High Metabolisable Energy (HME) ryegrass
HME ryegrass has been genetically modified to increase lipid content in the leaf. This adds to the nutrition and energy available to livestock eating the grass and may also reduce N loss and methane and nitrous oxide emissions. The technology was developed in NZ but cannot currently be tested in field conditions. This has taken place in the US and may start in Australia. DairyNZ is a co-investor in this technology. Being able to test in NZ conditions, with lactating cows, would greatly speed up the development of this technology and a better understanding of its benefits and risks and how they can be managed.
Gene editing in the rumen microbiome
Frontier research is underway in the US to explore the potential to engineer rumen microbes to produce less methane. NZ scientists are not involved in this research, but it has potential application for our farming systems. If successful, this research could result in treatments for calves that could alter their methane production permanently.

Terms and definitions

Below are some common terms and definitions for understanding genetic technologies: 

  • Gene: Sequences of DNA (deoxyribonucleic acids) that organisms use to create proteins, ‘the building blocks of life’. DNA and genes pass from generation to generation and are found in the cells of living things, like animals, plants and microorganisms.

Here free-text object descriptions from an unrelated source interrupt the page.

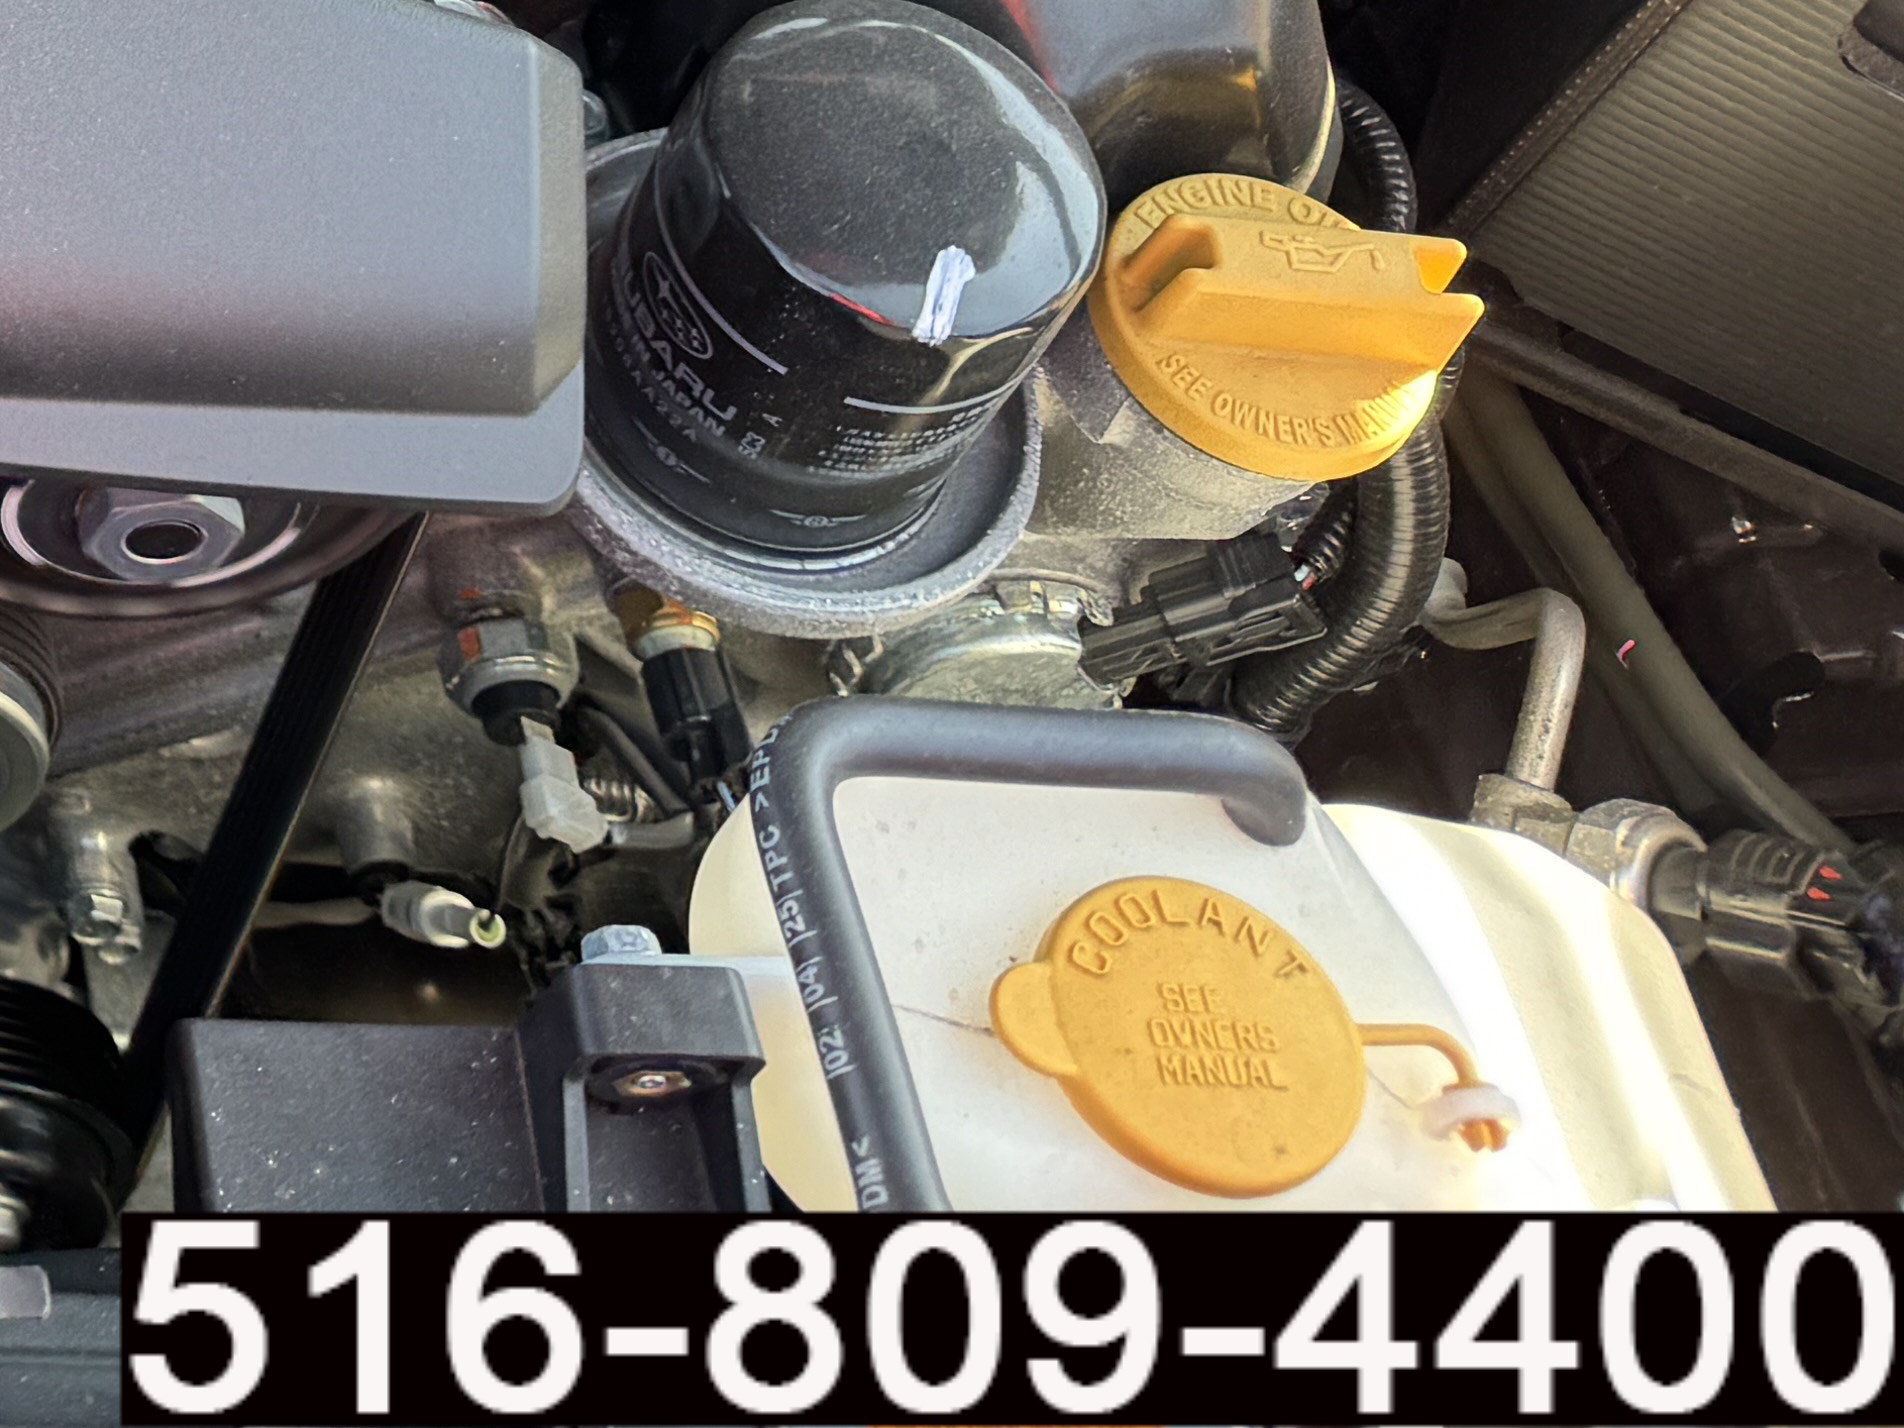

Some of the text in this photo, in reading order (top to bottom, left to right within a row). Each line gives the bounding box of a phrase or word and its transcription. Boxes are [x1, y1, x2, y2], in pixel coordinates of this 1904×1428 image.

[1136, 177, 1276, 228] ENGINE
[1155, 350, 1213, 402] SEE
[1211, 391, 1338, 447] OWNER'S
[759, 824, 794, 892] TPC
[1066, 888, 1310, 975] COOLANT
[1157, 981, 1222, 1014] SEE
[1156, 1053, 1289, 1092] MANUAL

  • Genome: The complete set of genes or genetic material present in a cell or organism.
  • Genomics is the study and mapping of genes within the genome and their connection to traits of an organism.

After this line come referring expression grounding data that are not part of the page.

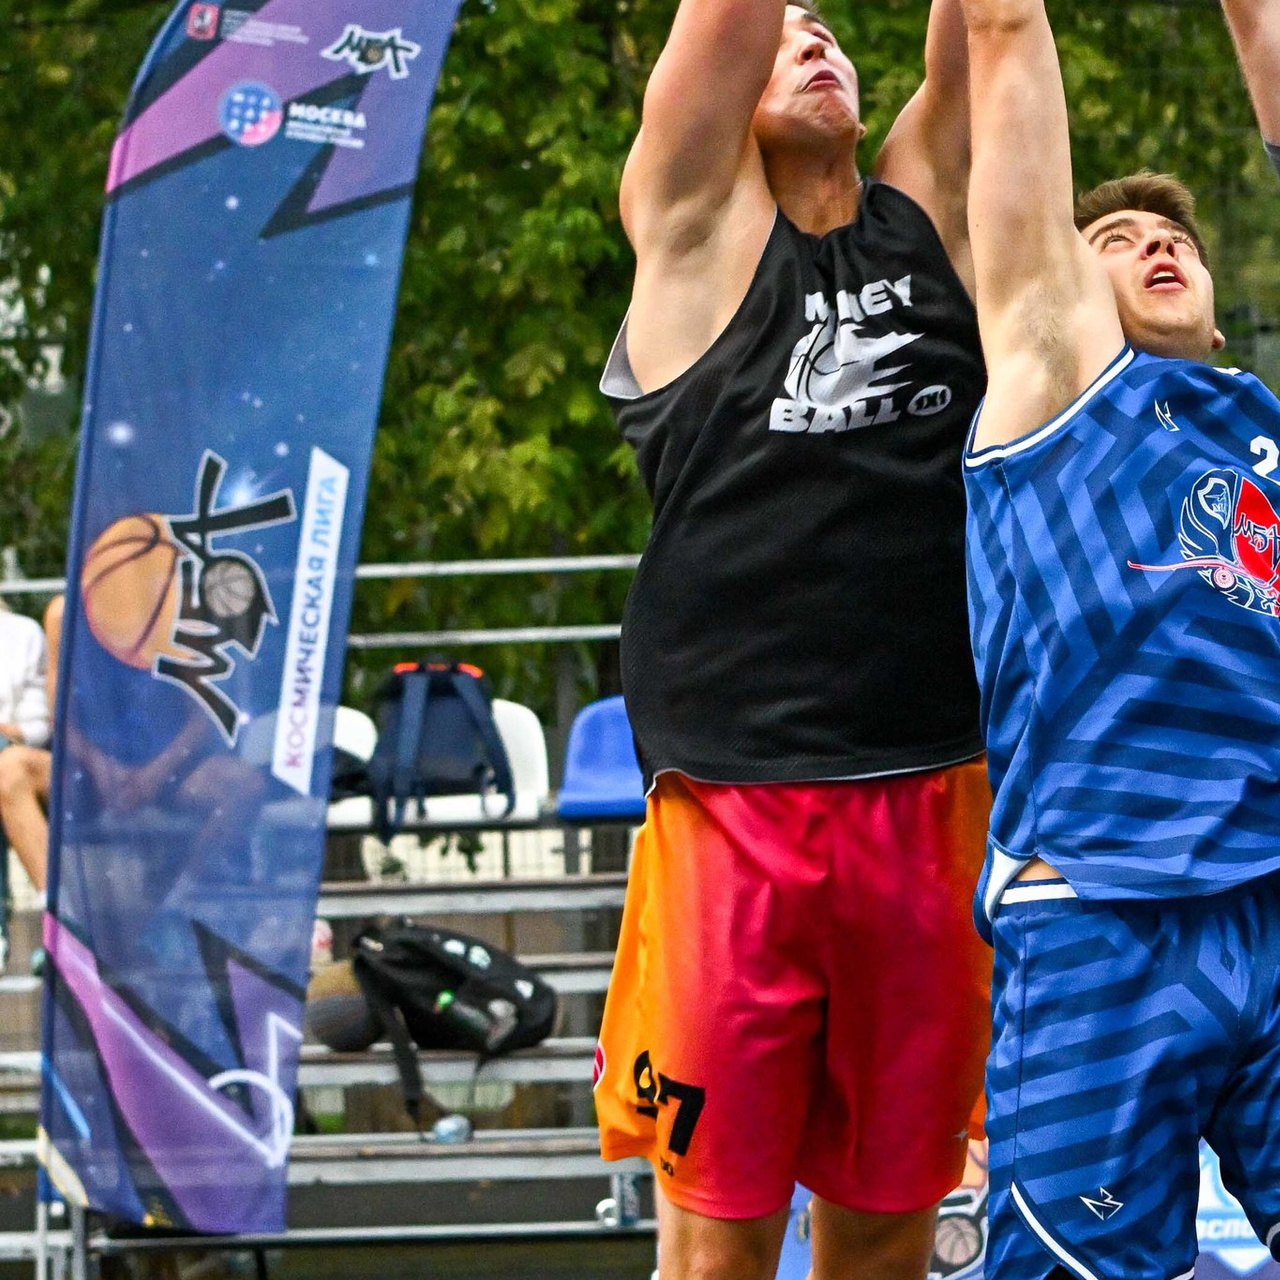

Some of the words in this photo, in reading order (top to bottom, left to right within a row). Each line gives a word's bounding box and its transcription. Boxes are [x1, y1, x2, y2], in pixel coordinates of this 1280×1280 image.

[768, 396, 902, 434] BALL
[285, 556, 324, 768] КОСМИЧЕСКАЯ
[312, 475, 339, 547] ЛИГА
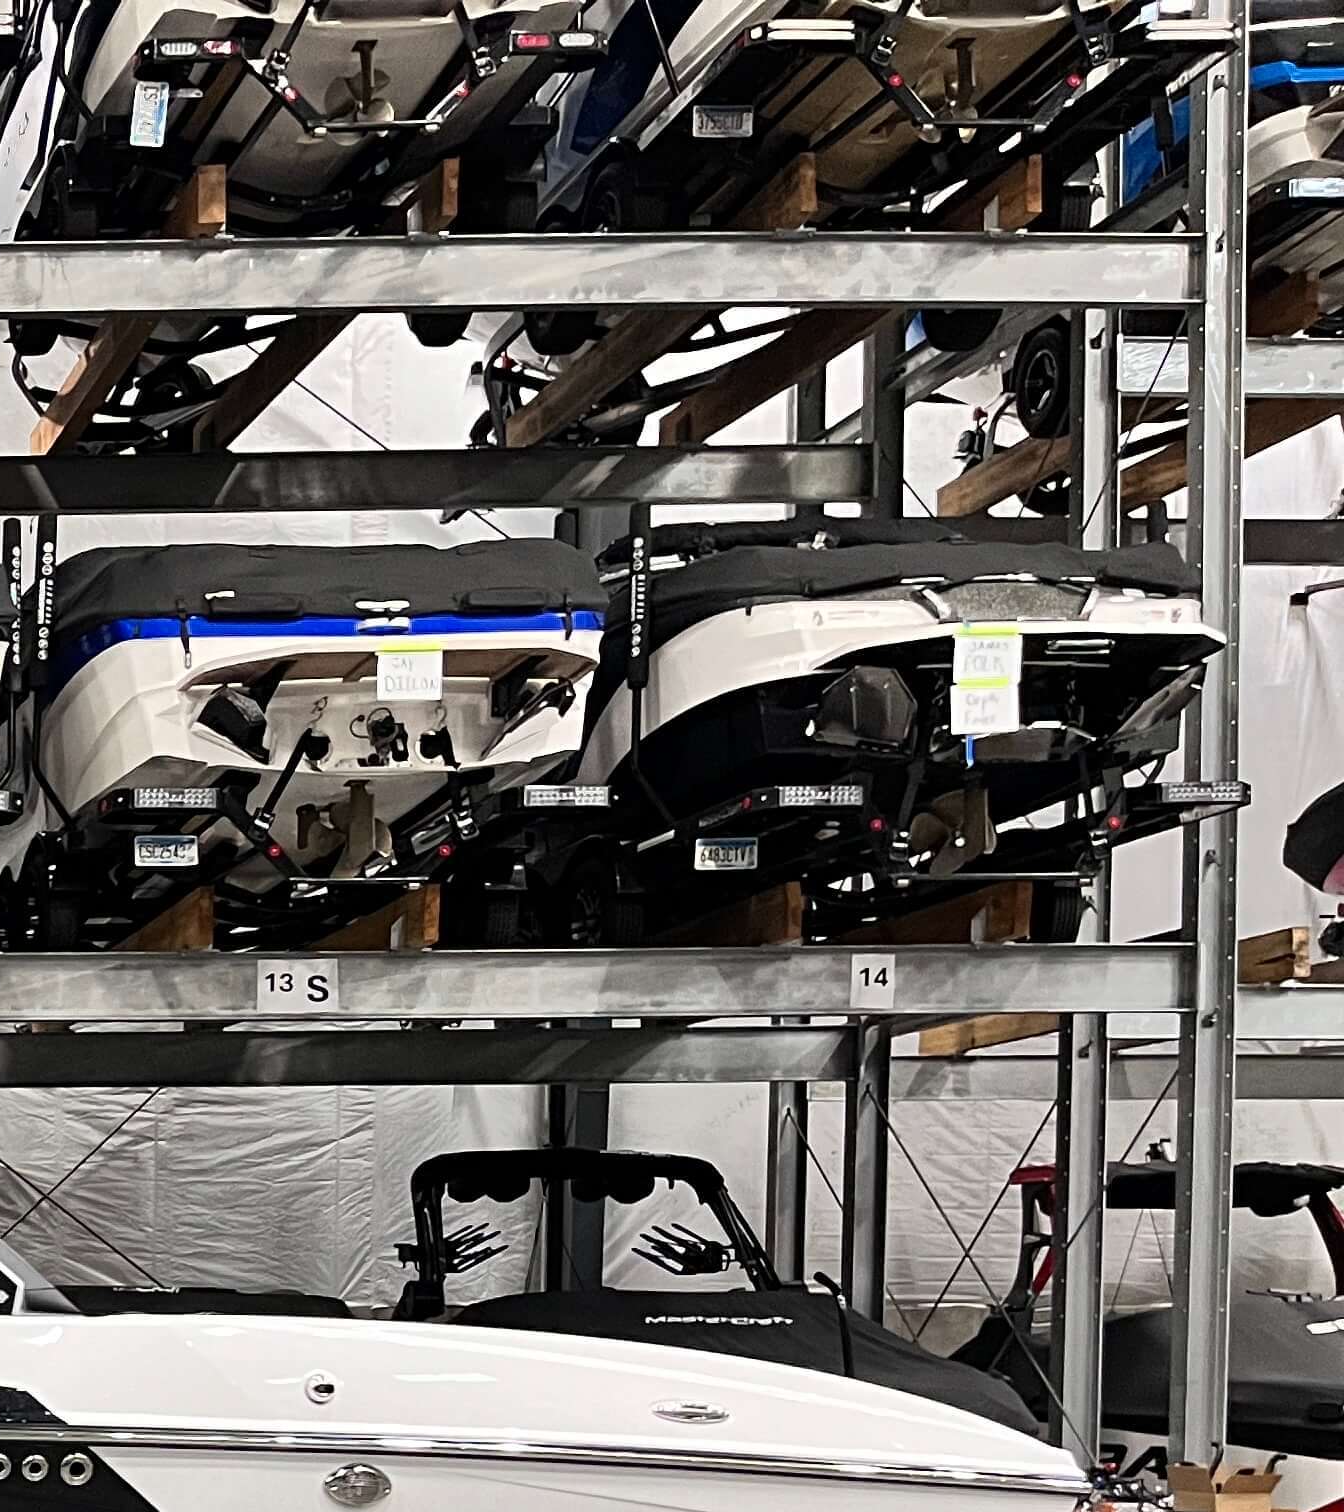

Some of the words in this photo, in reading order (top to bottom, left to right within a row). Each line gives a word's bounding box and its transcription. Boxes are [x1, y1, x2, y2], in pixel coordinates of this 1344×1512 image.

[265, 973, 294, 993] 13
[307, 975, 330, 1003] S
[859, 967, 889, 987] 14

  • Trait: A characteristic or attribute of an organism.
  • Genetic modification: The process of taking DNA from the genome of one organism and inserting it in the genome of another organism. Also referred to as genetic engineering and transgenics.
  • Genetically modified organism (GMO): A plant, animal or other organism that has been modified using gene technology or that has inherited modified traits from a parent GMO.
  • Gene editing: This involves a change to the DNA of an organism by inserting, deleting, or replacing a section of genetic material at a particular location in the genome, which can change the characteristics of an organism. CRISPR-Cas9 is a commonly mentioned precision gene editing technique.